Aim of the task —
Set the records down again exactly, apart from any pictures in them.

Stored records:

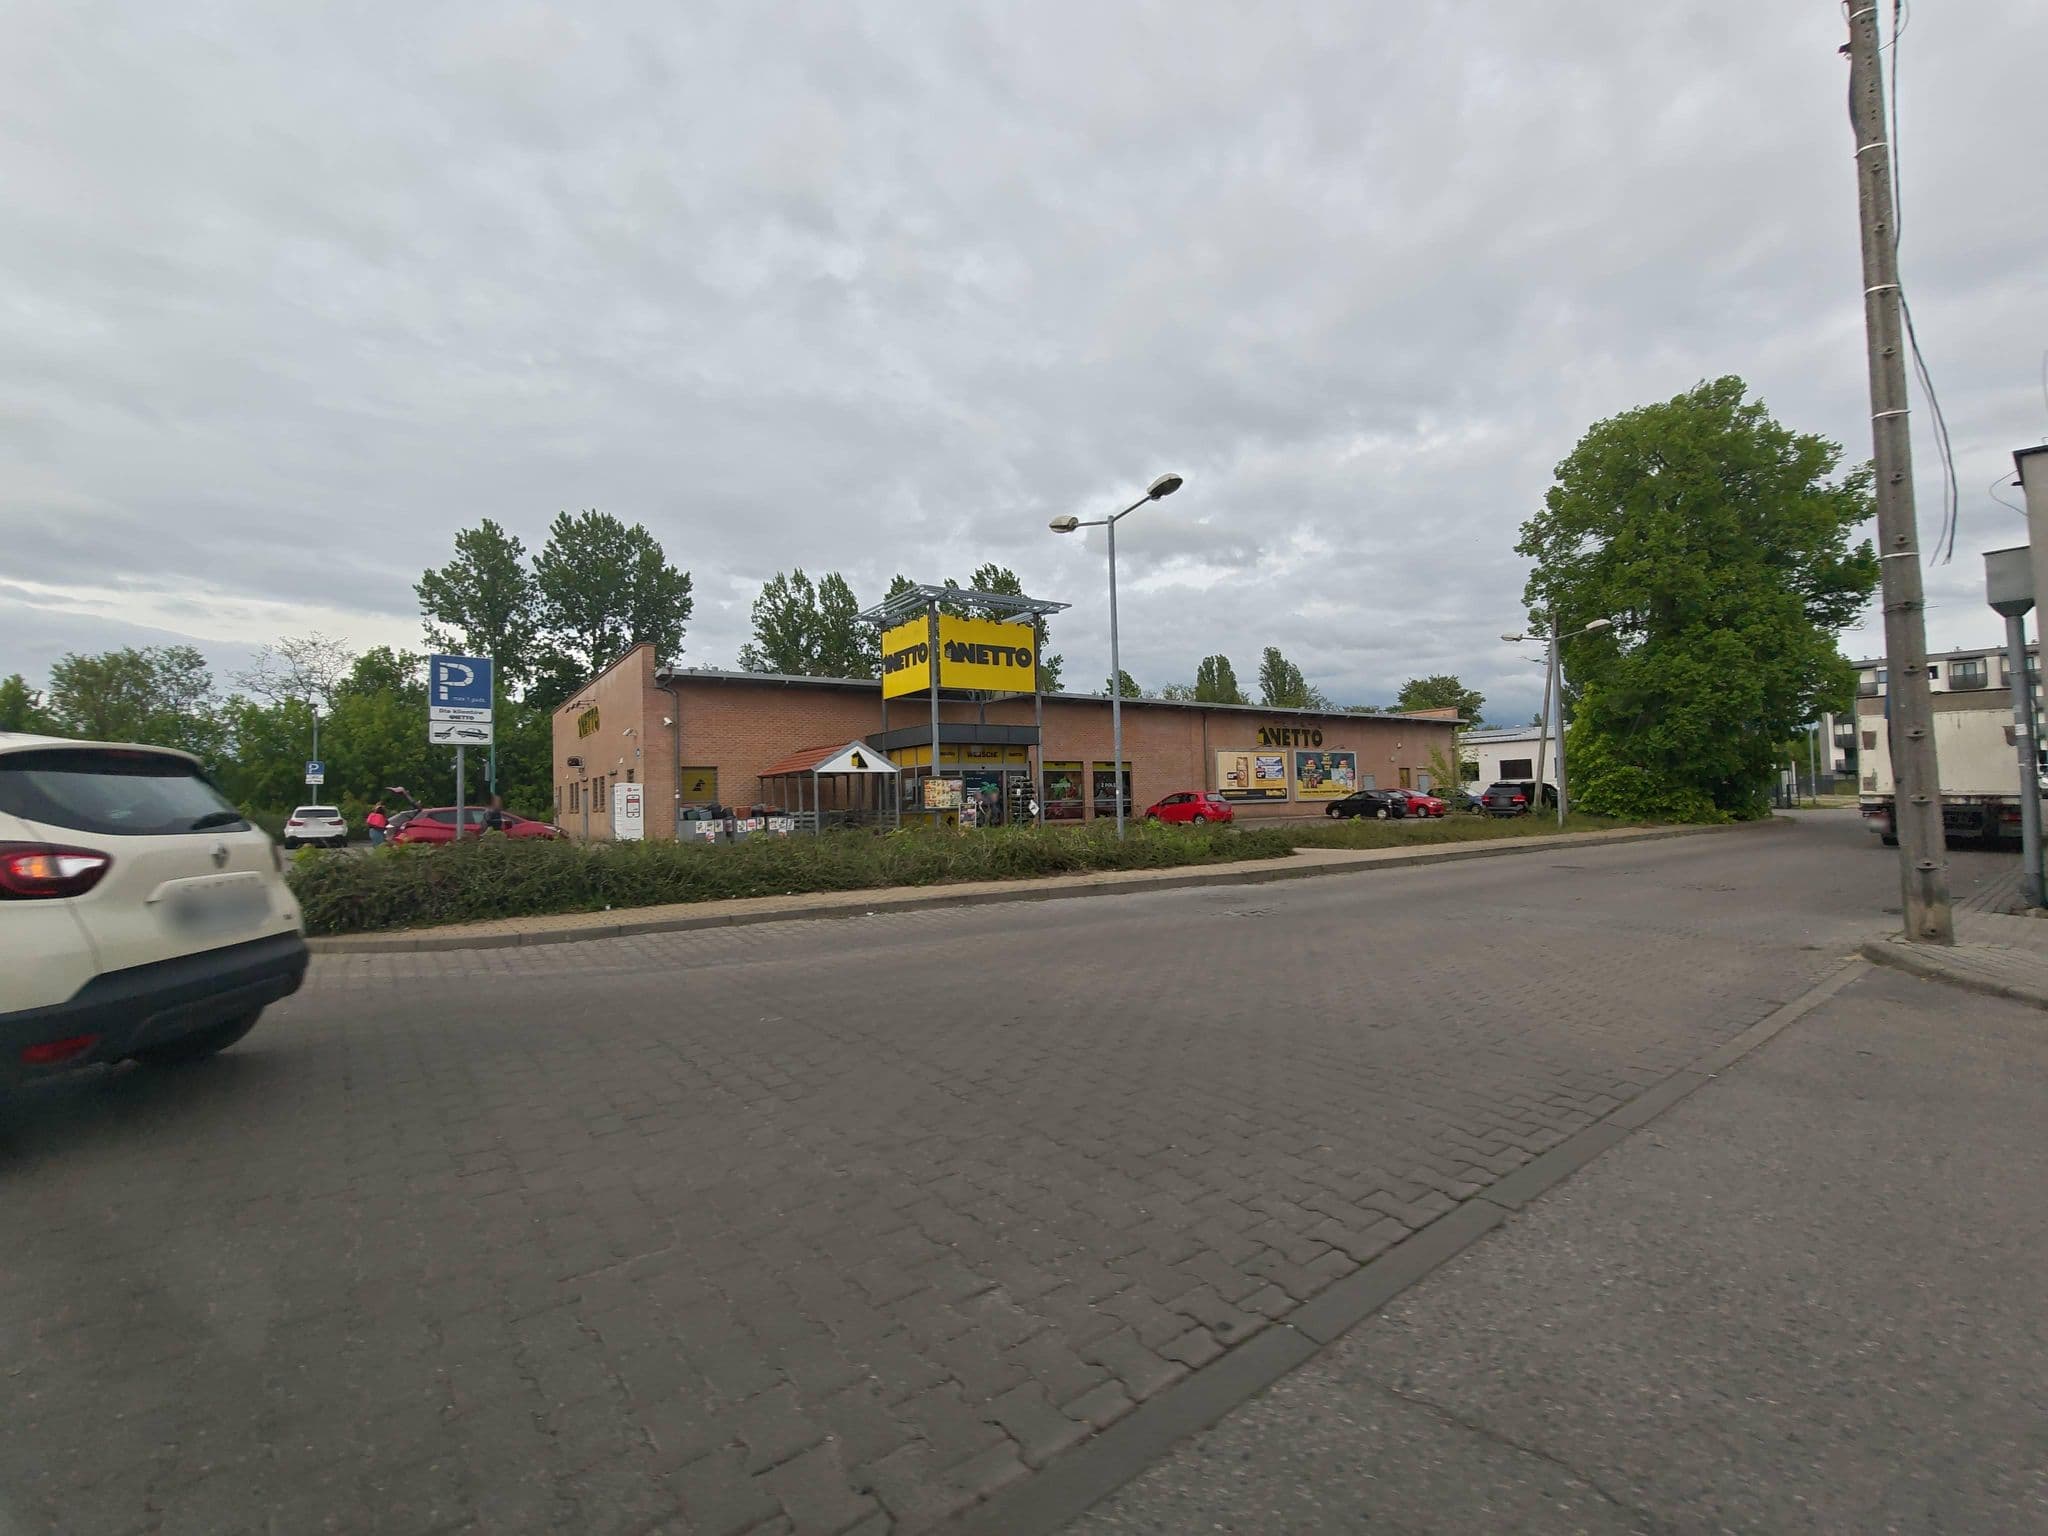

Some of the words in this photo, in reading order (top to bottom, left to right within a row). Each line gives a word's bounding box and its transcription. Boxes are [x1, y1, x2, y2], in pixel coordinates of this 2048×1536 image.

[886, 642, 928, 674] NETTO
[949, 643, 1032, 668] NETTO
[439, 662, 474, 700] P
[1264, 727, 1323, 747] NETTO
[308, 763, 320, 774] P
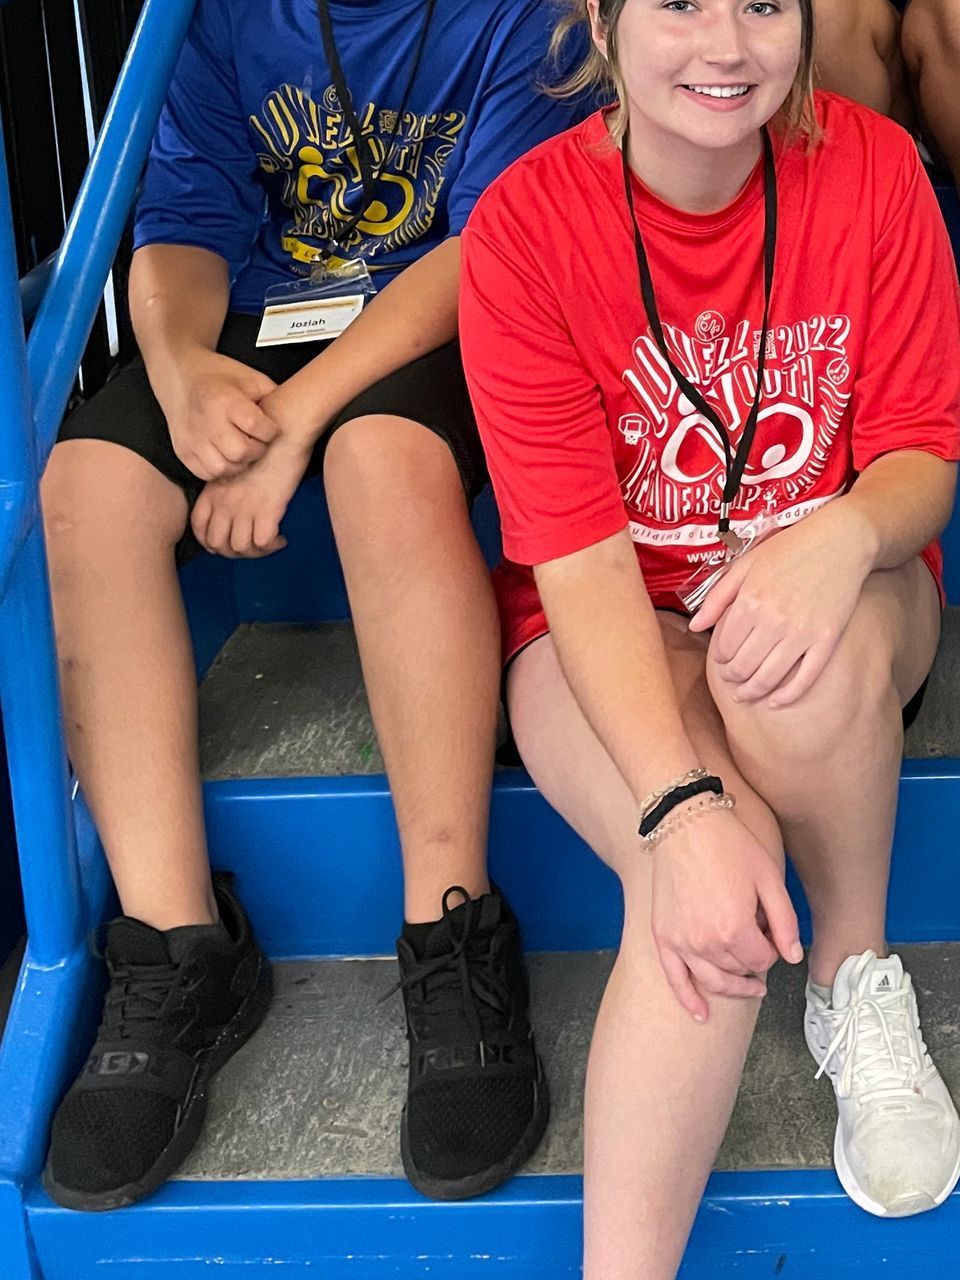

Written response —
Some of the words in this photo, in reading order (top to bottom, left to right within a row). Each line gives a word's bounding box and its transcription. Boxes are [x1, y1, x2, y2], in pixel coordinates of this 2048×1536 image.

[886, 642, 928, 674] NETTO
[949, 643, 1032, 668] NETTO
[439, 662, 474, 700] P
[1264, 727, 1323, 747] NETTO
[308, 763, 320, 774] P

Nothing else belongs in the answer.